Hermann Hesse was born into a family of pious missionaries and
religious publishers in the Black Forest town of Calw, in the German
state of Wüttenberg. His parents expected him to follow the family
tradition in theology. Hesse entered the Protestant seminary at
Maulbronn in 1891, but he was expelled from the school. After unhappy
experiences at a secular school, Hesse worked in several jobs. He
was a bookshop clerk, a mechanic and as a book dealer in Tübingen,
where he joined literary circle called Le Petit Cénacle. In 1899
Hesse published his first works, ROMANTISCHE LIEDER and EINE STUNDE
HINTER MITTERNACHT.
ELISABETH
Ich soll erzählen
die Nacht ist schon spät -
willst du mich quälen,
schöne Elisabeth?
Daran ich dichte
und du dazu,
meine Liebesgeschichte
ist dieser Abend und du.
Du musst nicht stören
die Reime verwehn.
Bald wirst du sie hören,
hören und nicht verstehen.
Hesse
became a freelance writer in 1904, when his novel PETER CAMENZIND,
a Rousseauesque 'return to nature' story, gained literary success.
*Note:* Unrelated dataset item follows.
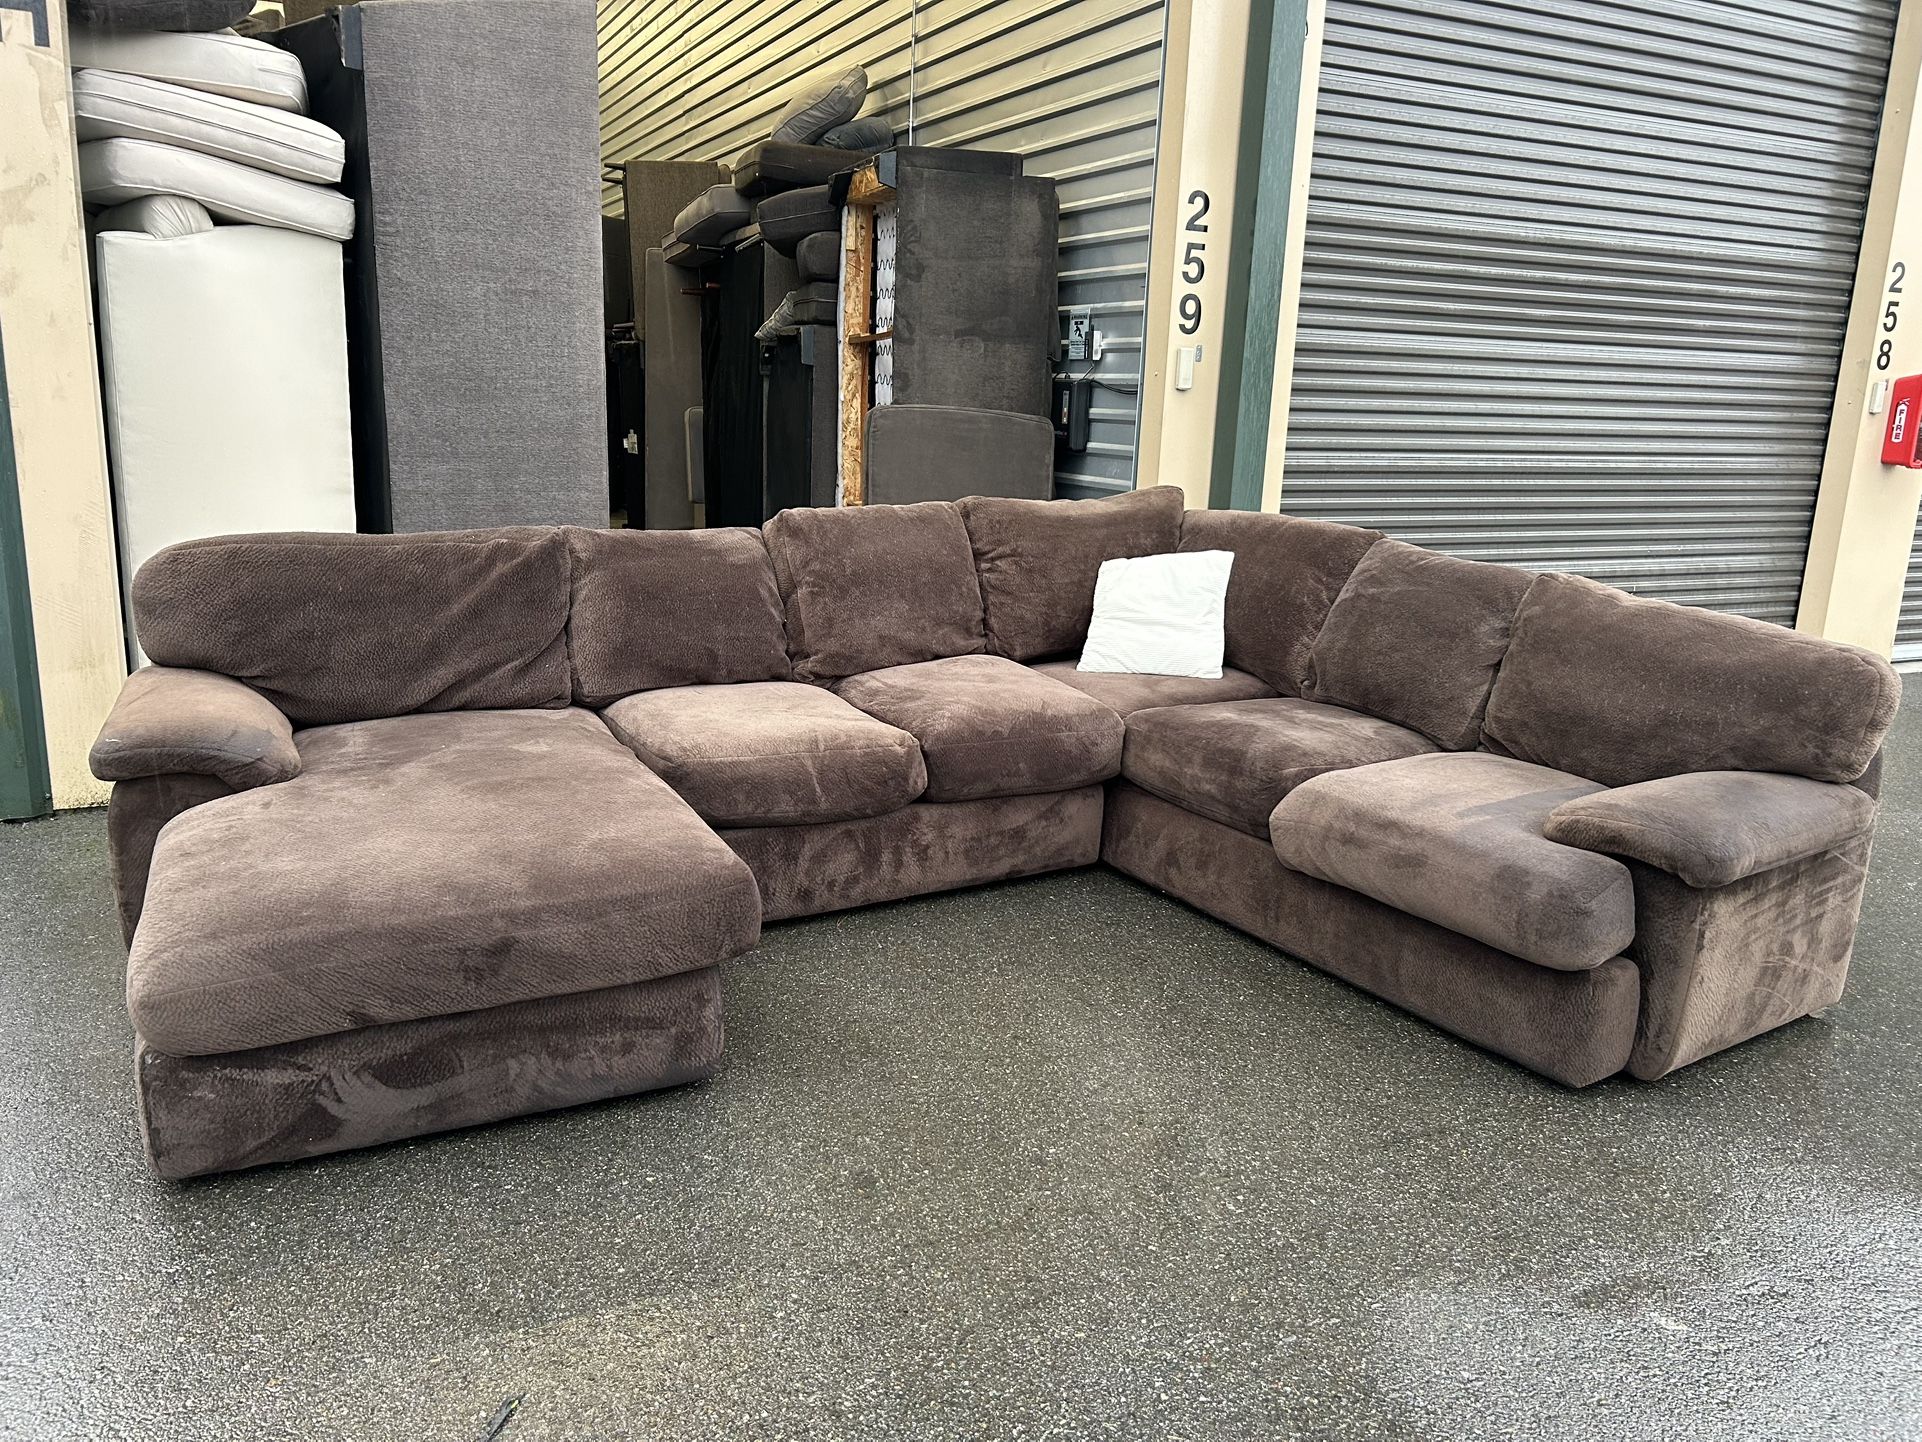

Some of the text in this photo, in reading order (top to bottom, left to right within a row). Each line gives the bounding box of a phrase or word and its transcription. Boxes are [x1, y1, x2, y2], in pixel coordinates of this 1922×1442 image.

[1178, 190, 1210, 335] 259
[1876, 261, 1906, 370] 258
[1894, 408, 1905, 440] FIRE
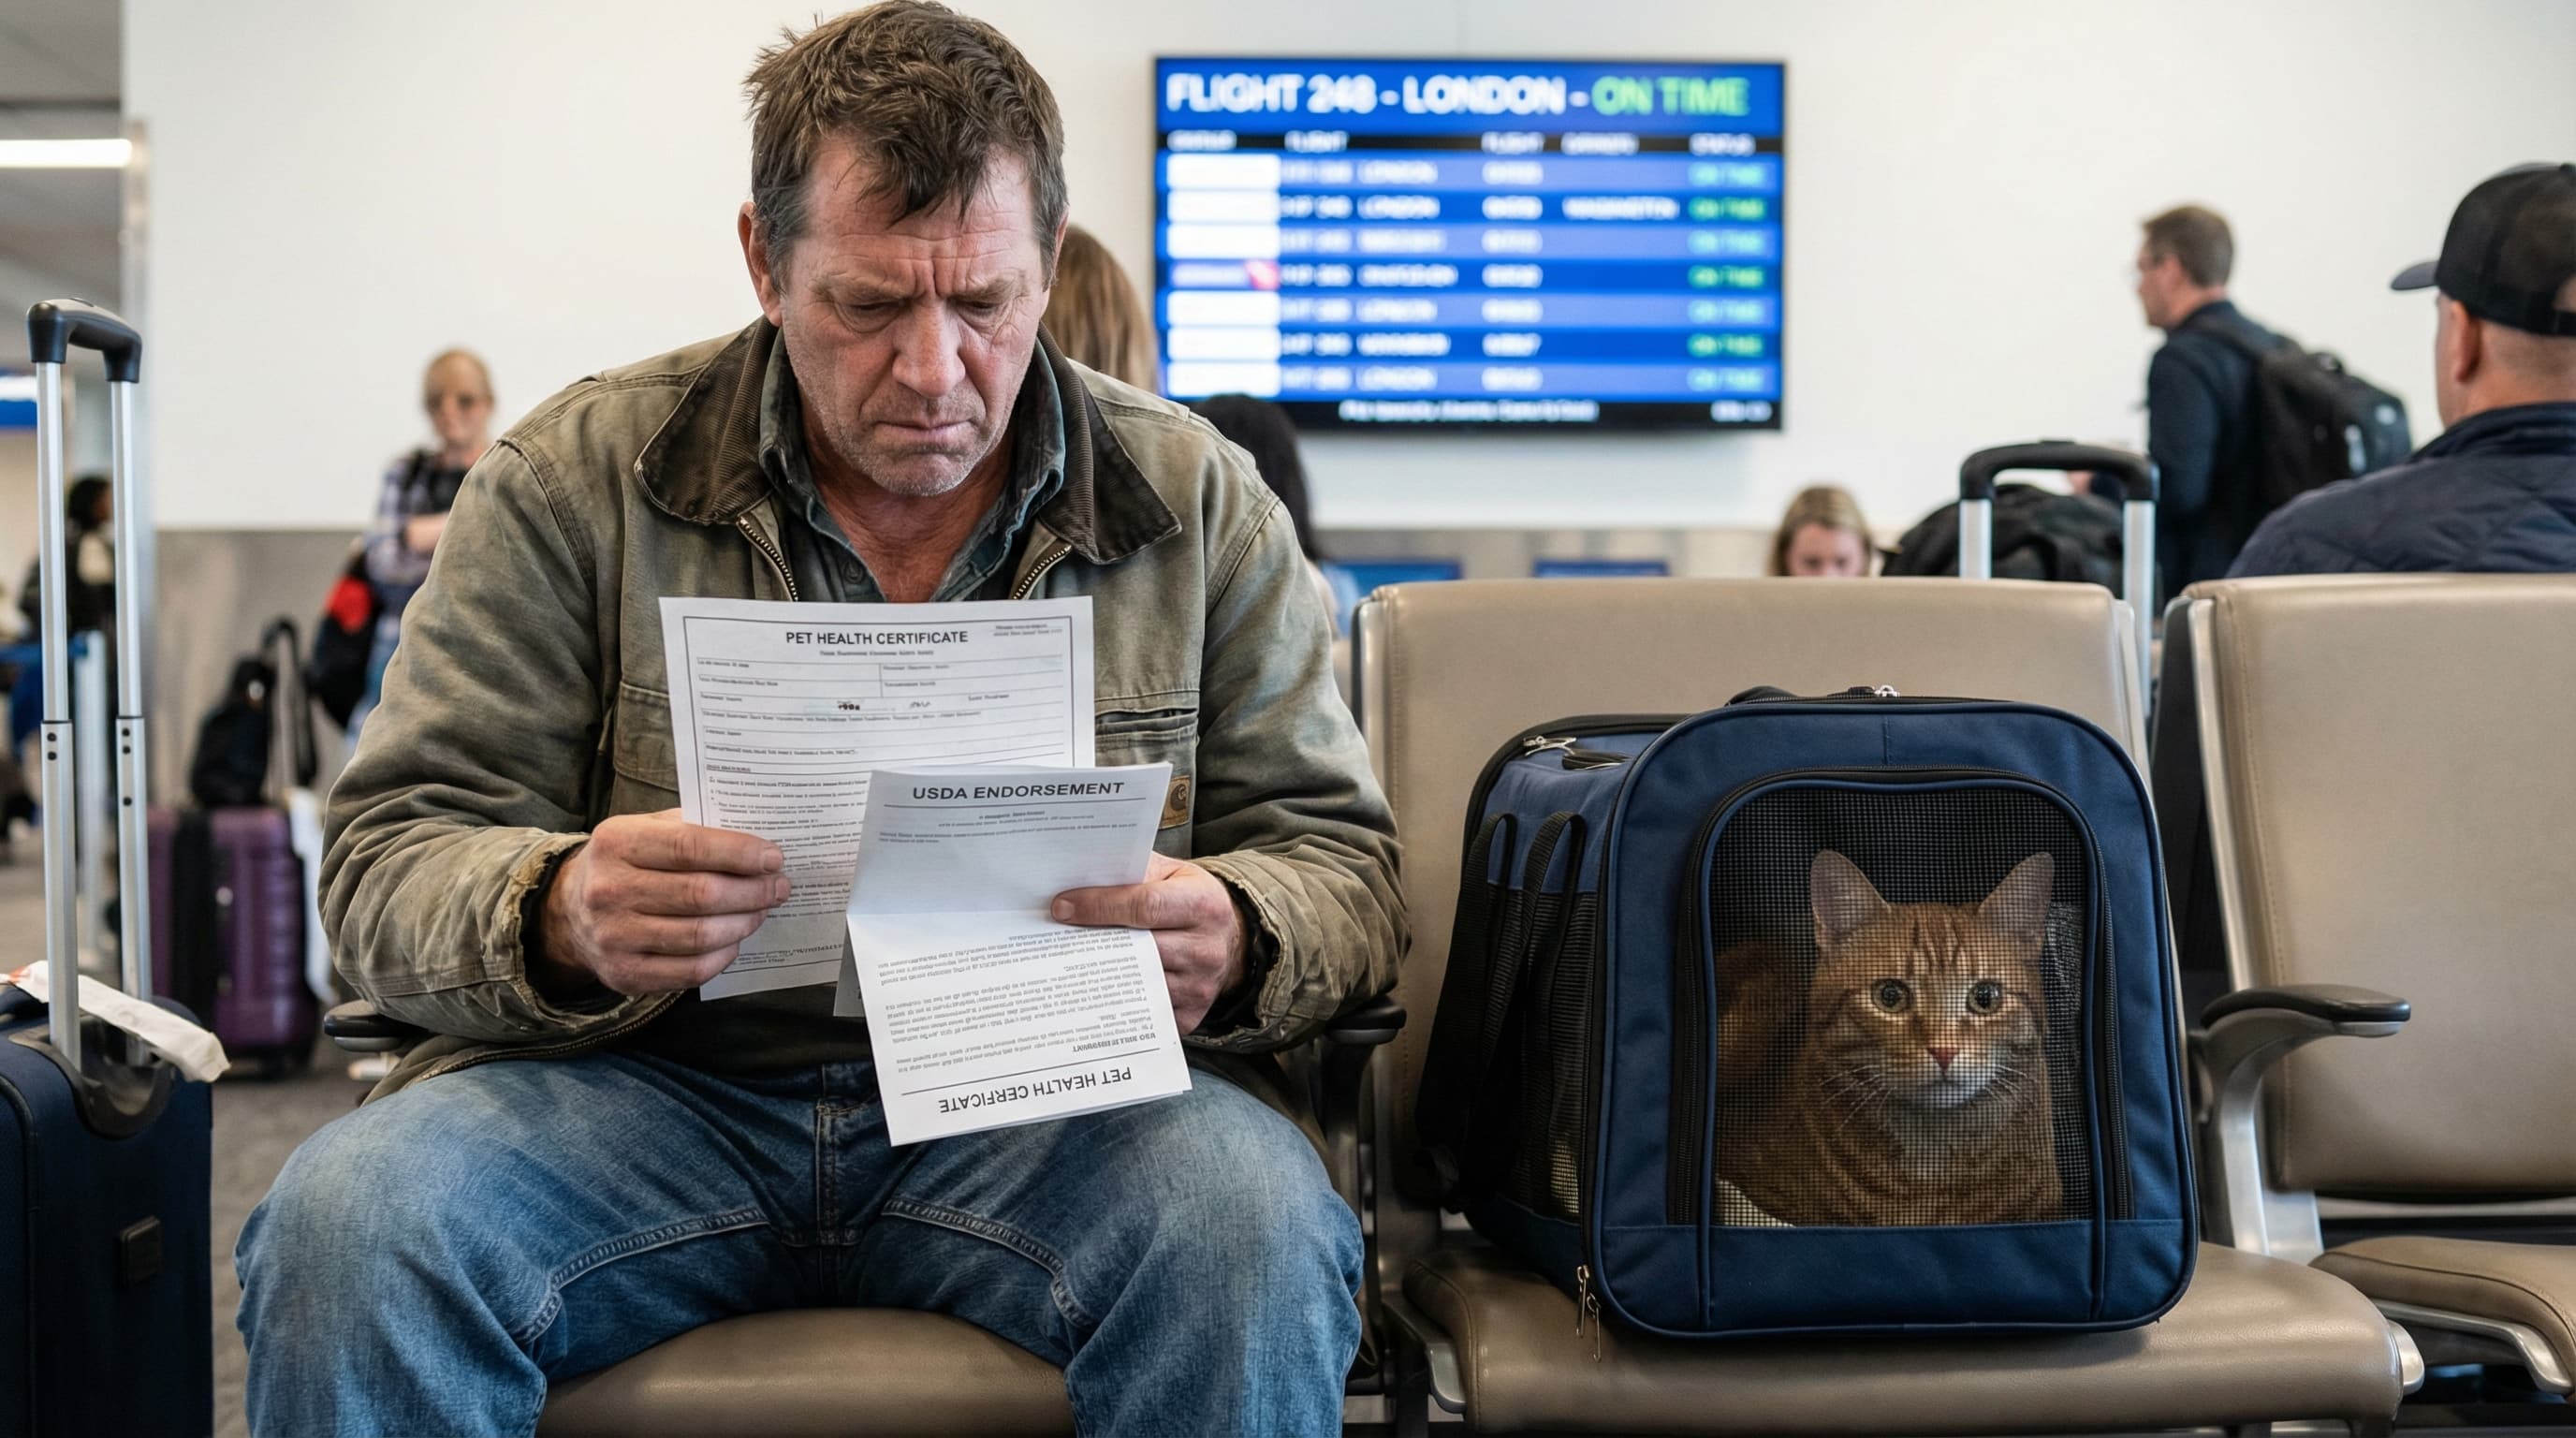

The book reflected Hesse's disgust with the educational system.
In the same year he married Maria Bernoulli, with whom he had three
children. A visit in India in 1911 gave start to Hesse's studies
of Eastern religions and novel SIDDHARTHA (1922). It was based on
the early life of Gautama Buddha. The culture of ancient Hindu and
the ancient Chinese had a great influence on Hesse's works. For
several years in the mid-1910s Hesse underwent psychoanalysis under
Gustav Jung and his assistant J.B. Lang.
In 1912 Hesse and his family took a permanent residence in Switzerland.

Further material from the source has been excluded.